Your task: When you reach the records below, output every one exactly as written but leave out any pictures.

The data:

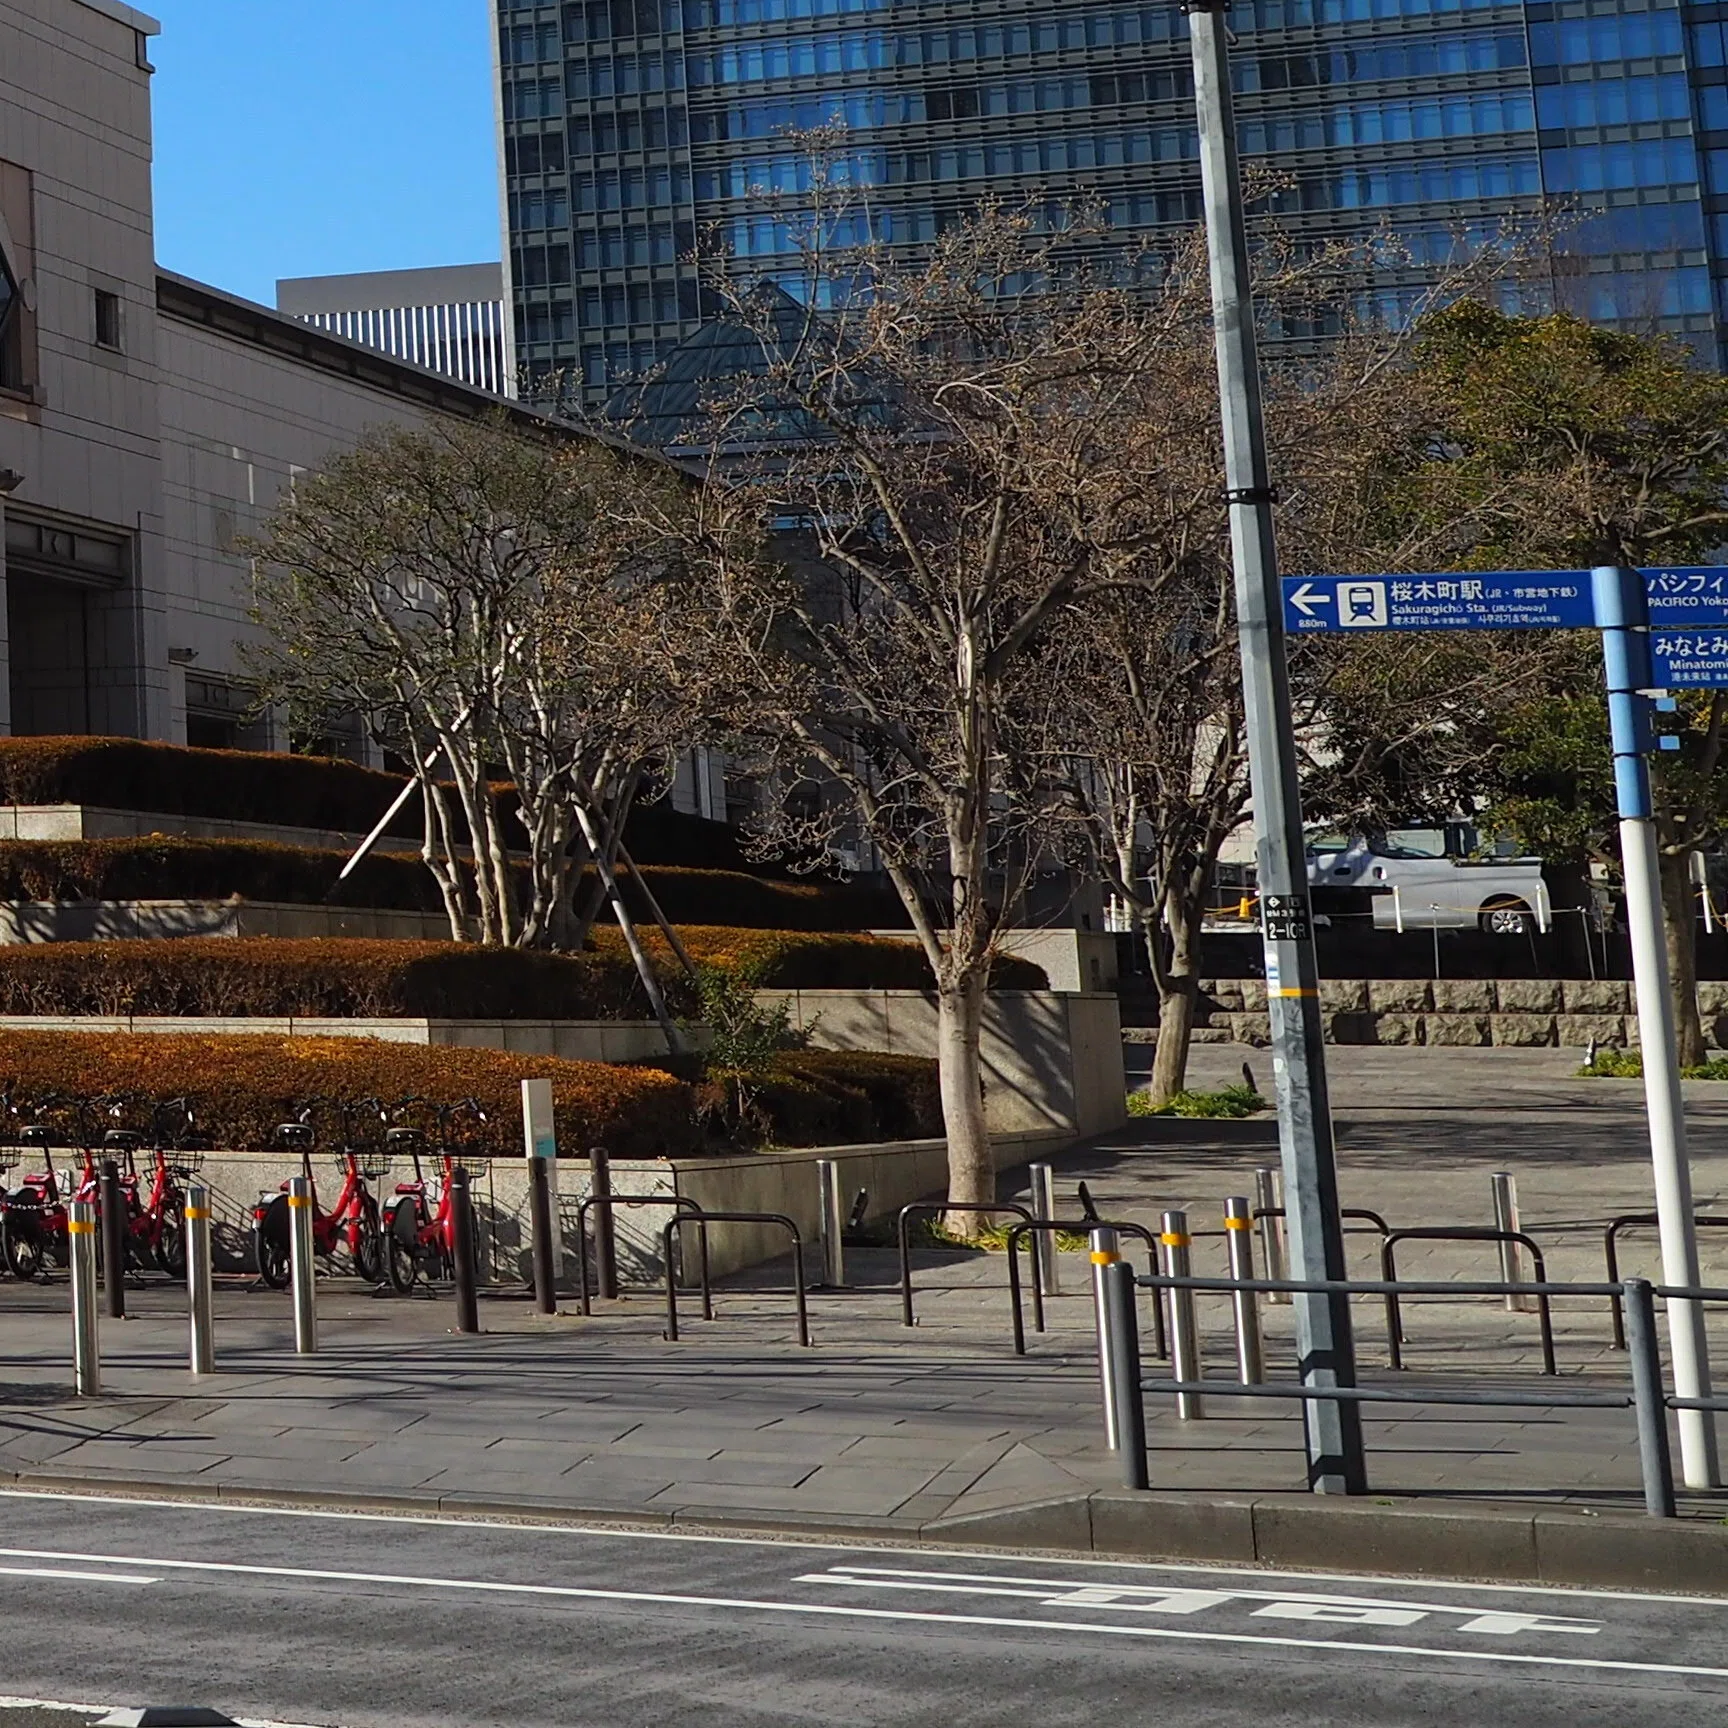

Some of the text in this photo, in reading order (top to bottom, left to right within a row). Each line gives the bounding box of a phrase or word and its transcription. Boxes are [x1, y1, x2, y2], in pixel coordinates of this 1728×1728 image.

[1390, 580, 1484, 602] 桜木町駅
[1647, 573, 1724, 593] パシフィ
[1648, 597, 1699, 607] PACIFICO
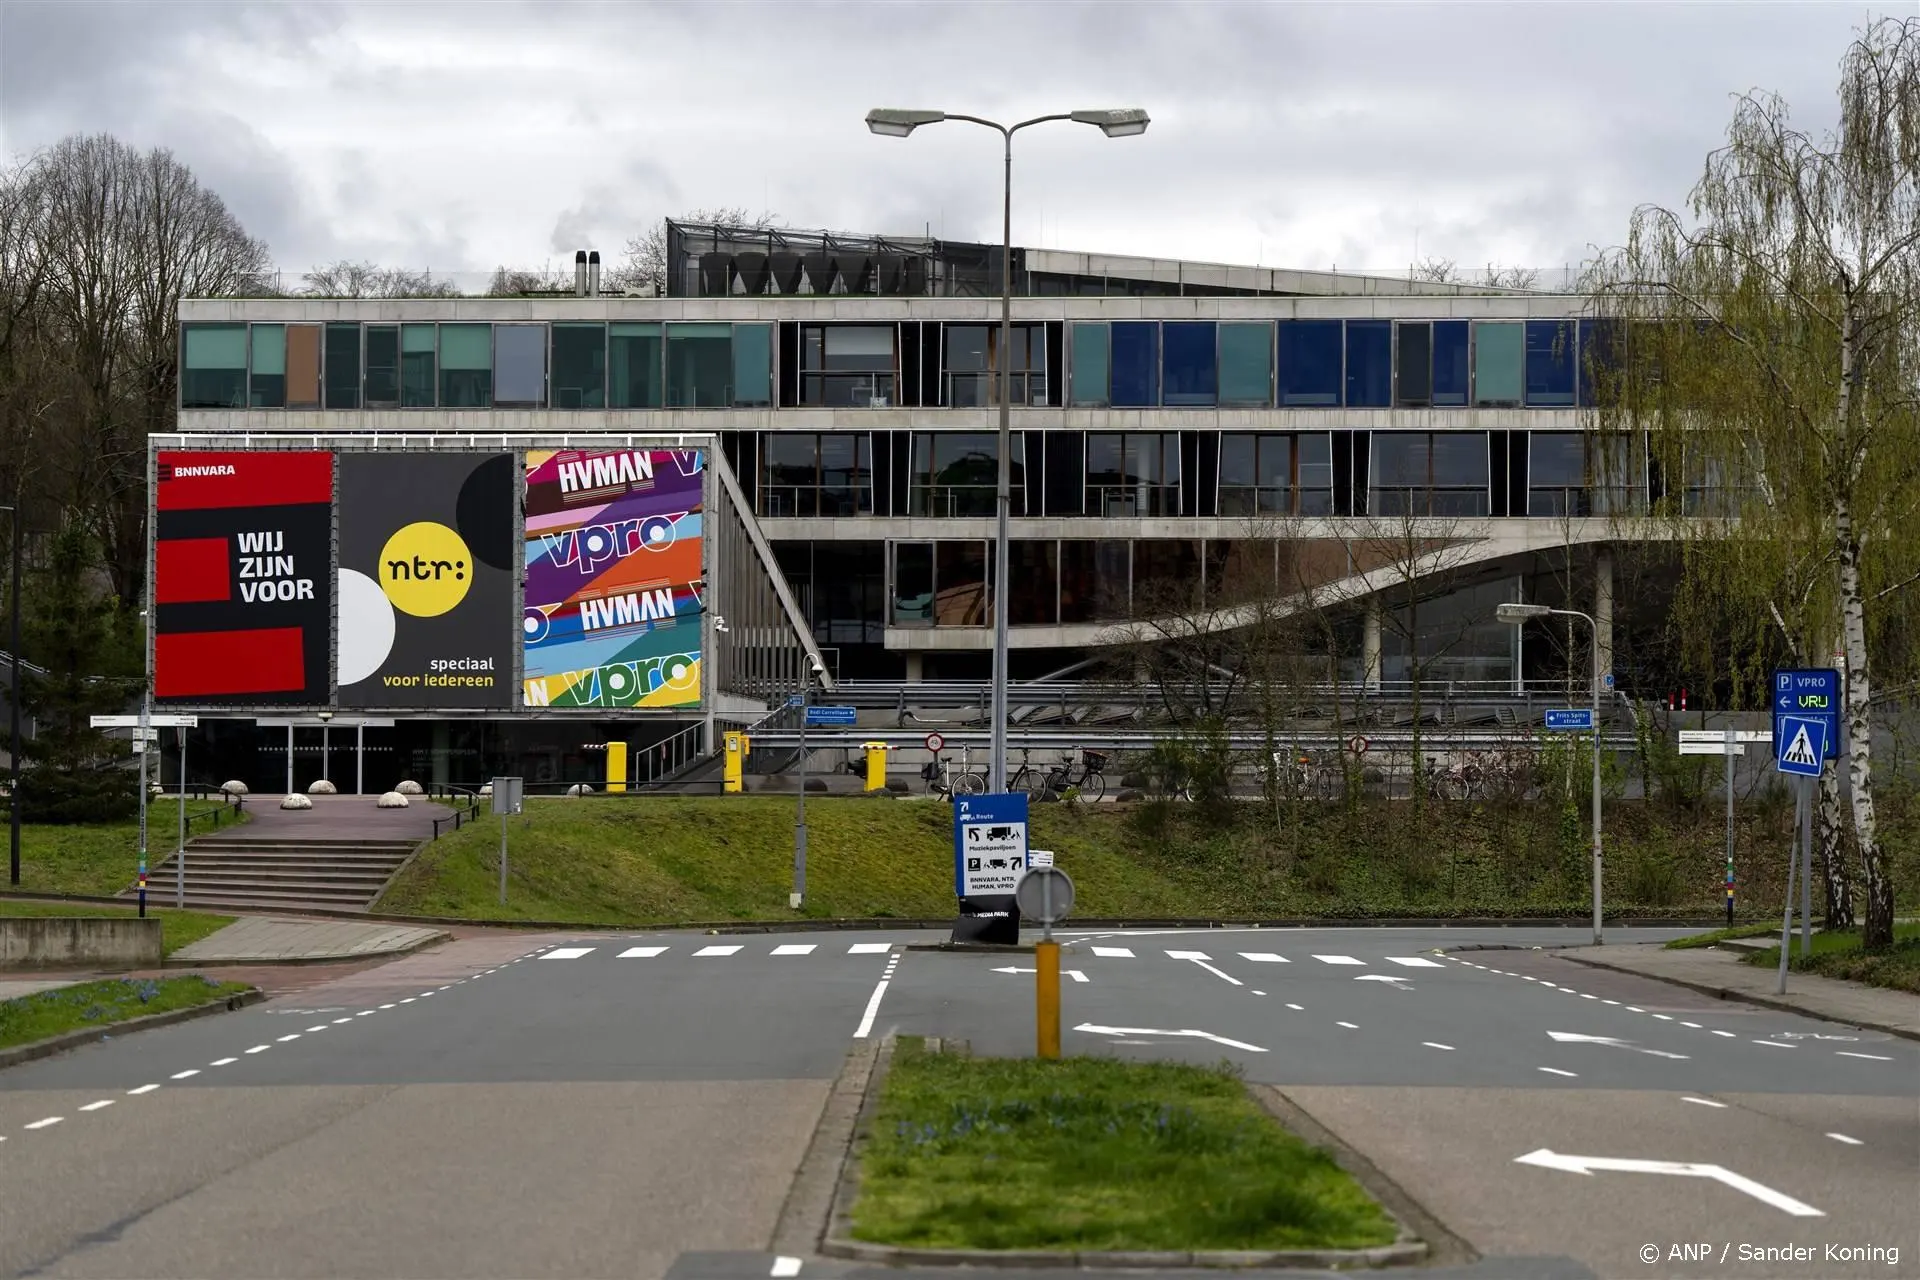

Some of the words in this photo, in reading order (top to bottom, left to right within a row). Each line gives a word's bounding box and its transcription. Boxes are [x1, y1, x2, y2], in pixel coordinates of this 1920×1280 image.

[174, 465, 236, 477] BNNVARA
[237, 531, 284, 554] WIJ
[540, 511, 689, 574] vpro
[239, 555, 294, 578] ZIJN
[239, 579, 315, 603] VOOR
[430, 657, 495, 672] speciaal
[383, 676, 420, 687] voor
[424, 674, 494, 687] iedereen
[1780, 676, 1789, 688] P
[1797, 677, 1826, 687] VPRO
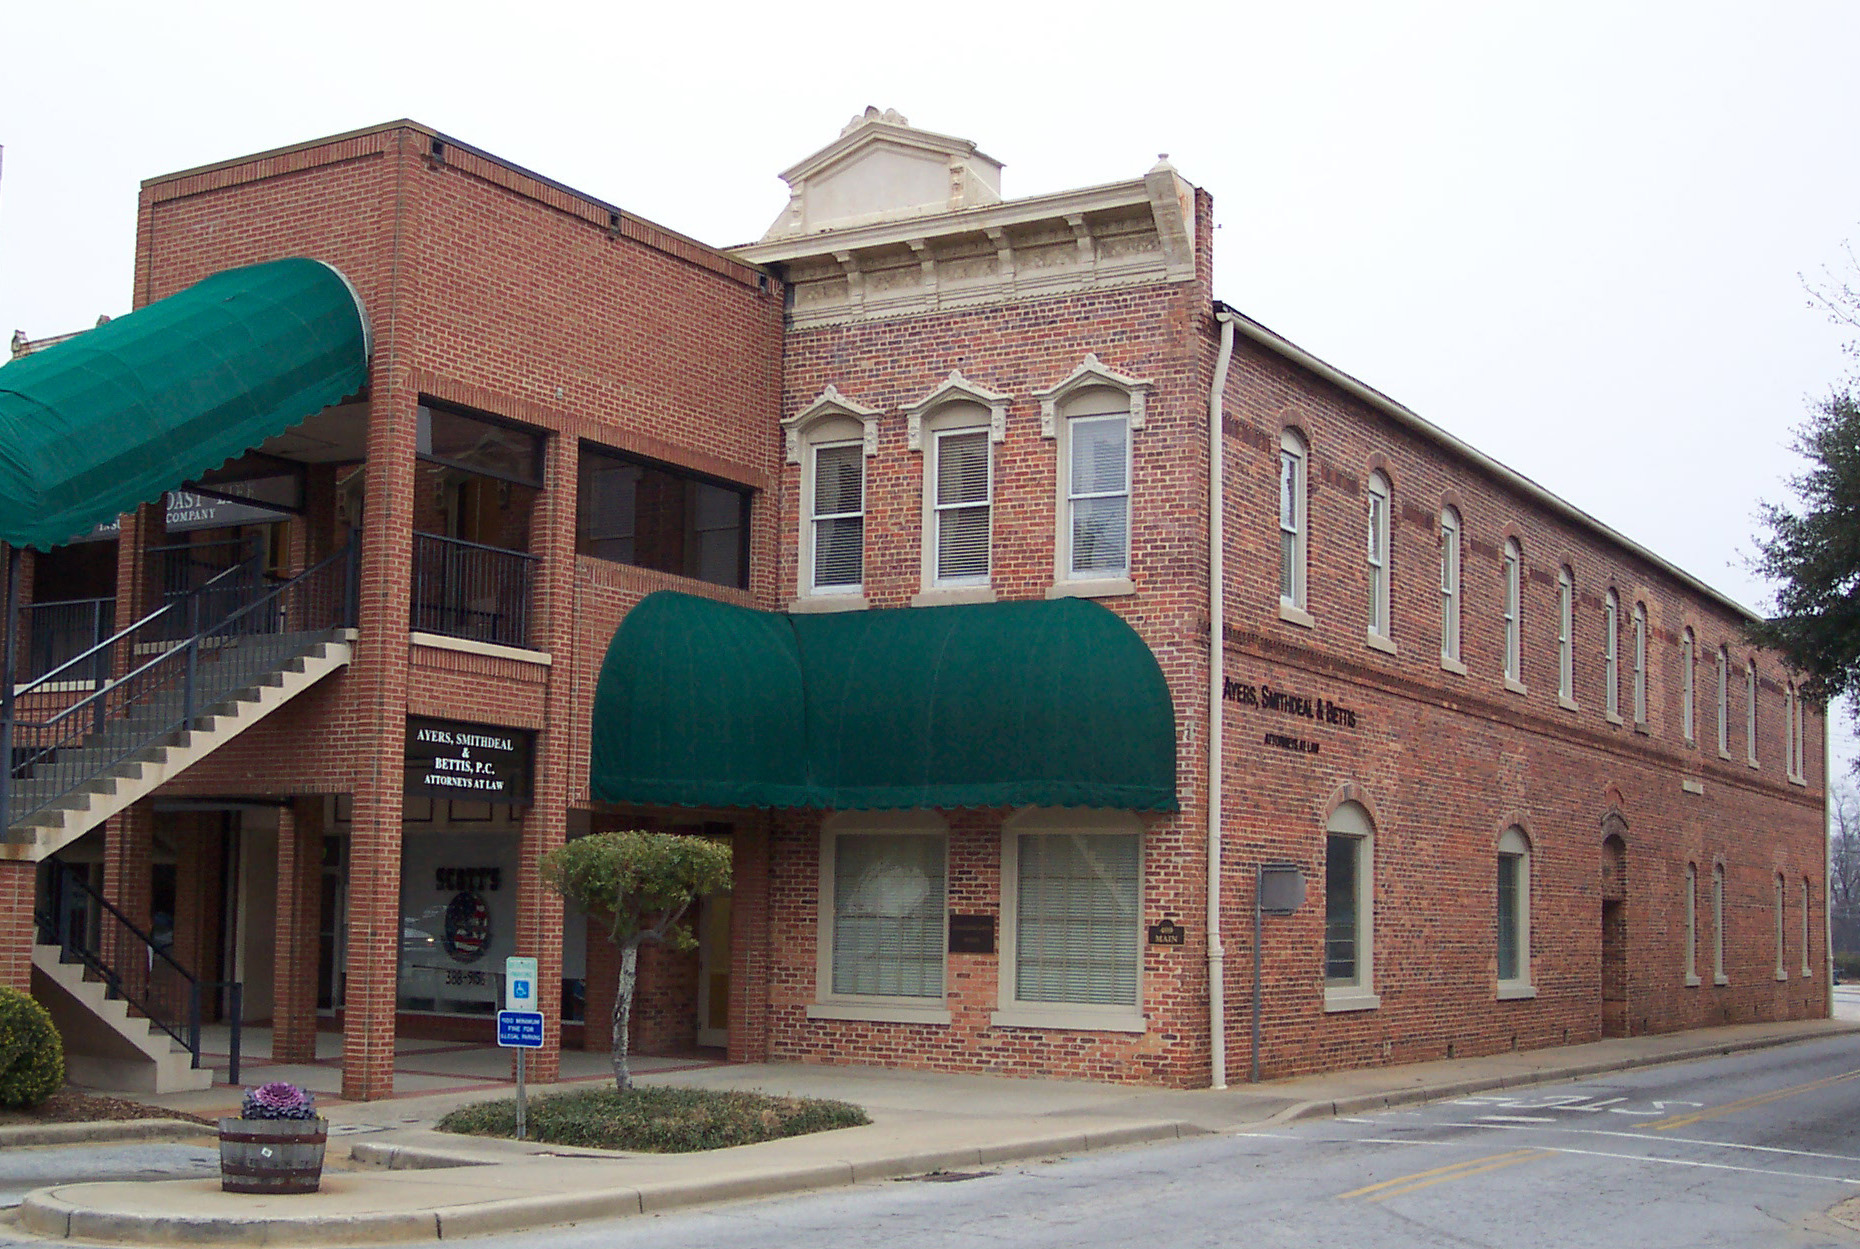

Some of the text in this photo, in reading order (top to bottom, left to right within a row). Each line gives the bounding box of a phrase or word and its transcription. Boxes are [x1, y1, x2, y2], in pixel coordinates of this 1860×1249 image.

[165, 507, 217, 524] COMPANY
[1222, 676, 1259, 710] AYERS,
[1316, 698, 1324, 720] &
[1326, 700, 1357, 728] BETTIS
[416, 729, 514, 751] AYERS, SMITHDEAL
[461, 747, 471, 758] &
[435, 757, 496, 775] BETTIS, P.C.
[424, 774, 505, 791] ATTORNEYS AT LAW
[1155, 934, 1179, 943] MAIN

Your solution:
Some of the text in this photo, in reading order (top to bottom, left to right within a row). Each line gives the bounding box of a phrase or word and its transcription. Boxes are [x1, y1, x2, y2], in pixel coordinates of this 1728×1728 image.

[1390, 580, 1484, 602] 桜木町駅
[1647, 573, 1724, 593] パシフィ
[1648, 597, 1699, 607] PACIFICO

Some of the words in this photo, in reading order (top to bottom, left to right within a row). Each line gives a word's bounding box and its transcription. Boxes are [x1, y1, x2, y2], in pixel coordinates of this 1920×1280 image.

[174, 465, 236, 477] BNNVARA
[237, 531, 284, 554] WIJ
[540, 511, 689, 574] vpro
[239, 555, 294, 578] ZIJN
[239, 579, 315, 603] VOOR
[430, 657, 495, 672] speciaal
[383, 676, 420, 687] voor
[424, 674, 494, 687] iedereen
[1780, 676, 1789, 688] P
[1797, 677, 1826, 687] VPRO

Some of the text in this photo, in reading order (top to bottom, left to right within a row). Each line gives the bounding box of a phrase or word and its transcription. Boxes are [x1, y1, x2, y2], in pixel coordinates of this 1860×1249 image.

[165, 507, 217, 524] COMPANY
[1222, 676, 1259, 710] AYERS,
[1316, 698, 1324, 720] &
[1326, 700, 1357, 728] BETTIS
[416, 729, 514, 751] AYERS, SMITHDEAL
[461, 747, 471, 758] &
[435, 757, 496, 775] BETTIS, P.C.
[424, 774, 505, 791] ATTORNEYS AT LAW
[1155, 934, 1179, 943] MAIN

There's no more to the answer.